Classic Cars's MOR through October 2010 reflects $11.00 in its DIP account, a post-petition operating loss of $63,286.60, total assets of $1,606,339.98 and total liabilities of $2,570,431.60. Of the stated total assets, the vast bulk stated to be accounts payable or loans receivable or amounts "due to" Classic Cars, of which $480,056.89 is stated as due from "Annona," which is the restaurant name under which Tuscan operated. Classic Cars has also incurred professional fees and expenses post-petition, which are not included in its stated loss. [09-73009, dkt item 90]

Classic Cars opposed the UST Motion. In its opposition filed on October 29, 2010 (the "Opposition"), Classic Cars stated as follows:

Feasibility of a plan can be established by: (1) the settlement reached with Lamborghini, a copy of which is being annexed hereto as Exhibit "A", which will result in a payment to the estate of $100,000.00; (2) an agreement being negotiated by and between the Debtor and Nissan of Smithown whereby the Debtor's showroom would be stocked with more than twenty (20) new Nissan vehicles and/or trade-in vehicles such that the Debtor would be in a position to begin selling automobiles within the next thirty (30) days, and (3) approval of a pending application for floor plan financing in the aggregate amount of $500,000.00 to enable the Debtor to begin selling new and/or used luxury automobiles within the next thirty (30) days.
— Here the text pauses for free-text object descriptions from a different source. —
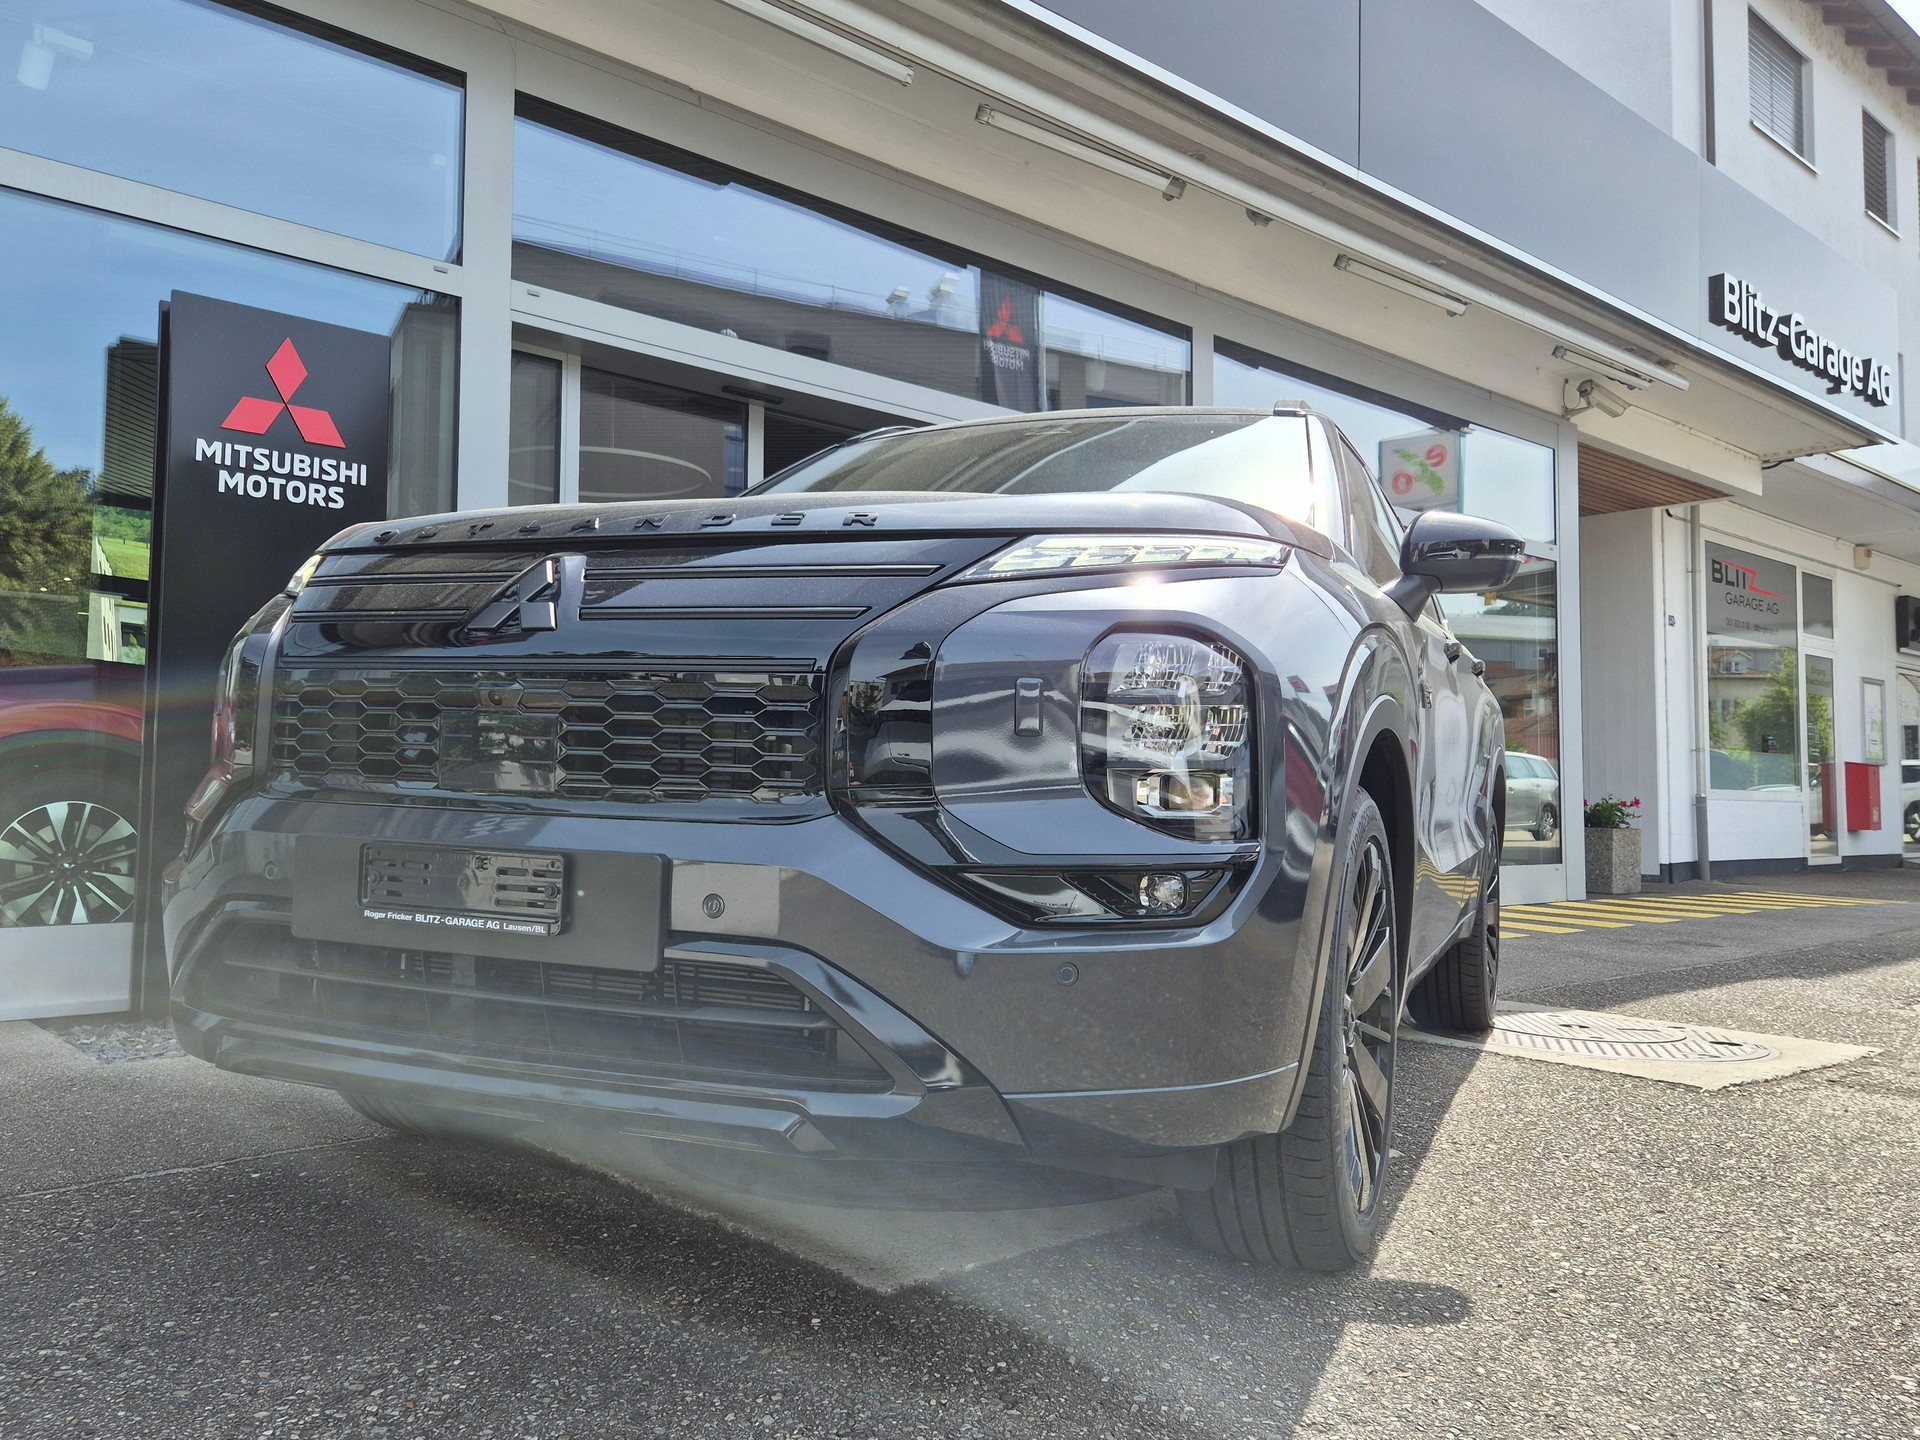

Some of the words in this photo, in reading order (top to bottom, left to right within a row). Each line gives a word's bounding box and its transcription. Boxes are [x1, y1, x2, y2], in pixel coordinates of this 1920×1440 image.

[1722, 272, 1864, 394] Blitz-Garage
[1867, 357, 1893, 407] AG
[195, 438, 367, 486] MITSUBISHI
[218, 469, 345, 509] MOTORS
[373, 511, 879, 543] OUTLANDER
[1725, 592, 1764, 612] GARAGE
[1766, 602, 1779, 615] AG
[364, 909, 386, 920] Roger
[387, 912, 413, 922] Fricker
[415, 913, 485, 929] BLITZ-GARAGE
[486, 919, 500, 930] AG
[503, 922, 546, 934] Lausen/BL
The foregoing sources of plan funding and the operating revenues generated thereby will enable the Debtor to confirm a plan of reorganization within a reasonable amount of time.

The Debtor's showroom was severely damaged by the winter storm which occurred in March, 2010 which hampered the Debtor's ability to sell automobiles and is in the process of being fully repaired within the immediate future.

[09-73009, dkt item 89]

At the Hearing of November 3, 2010, Classic Cars repeated its belief that its "white knight" was in the offing, and that an application for floor plan financing would be filed within the same 30 days referenced in the Opposition. However, Classic Cars has expressed this hope for several months, and, as of the date of this Order, no such application for floor plan financing has been filed.
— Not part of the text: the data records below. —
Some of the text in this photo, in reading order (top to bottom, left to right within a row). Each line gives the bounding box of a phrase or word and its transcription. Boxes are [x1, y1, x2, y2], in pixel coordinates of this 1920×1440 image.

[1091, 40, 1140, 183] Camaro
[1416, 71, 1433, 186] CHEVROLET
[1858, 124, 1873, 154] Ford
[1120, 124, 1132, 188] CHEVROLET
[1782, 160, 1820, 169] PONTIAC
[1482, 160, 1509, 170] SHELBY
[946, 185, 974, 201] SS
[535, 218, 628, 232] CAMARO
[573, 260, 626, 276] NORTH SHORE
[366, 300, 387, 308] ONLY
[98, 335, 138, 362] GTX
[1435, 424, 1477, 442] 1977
As for the Lamborghini settlement, that agreement was executed in May 2010, and required Court approval by July 16, 2010, absent which the agreement was voidable. [09-73009, dkt item 89-1 ¶ 2] To date, Classic Cars has not sought approval of the Lamborghini settlement. As for the damage to the Classic Cars showroom, that matter has been known to Debtor and been utilized as a basis for Classic Cars inability to operate throughout much of the case.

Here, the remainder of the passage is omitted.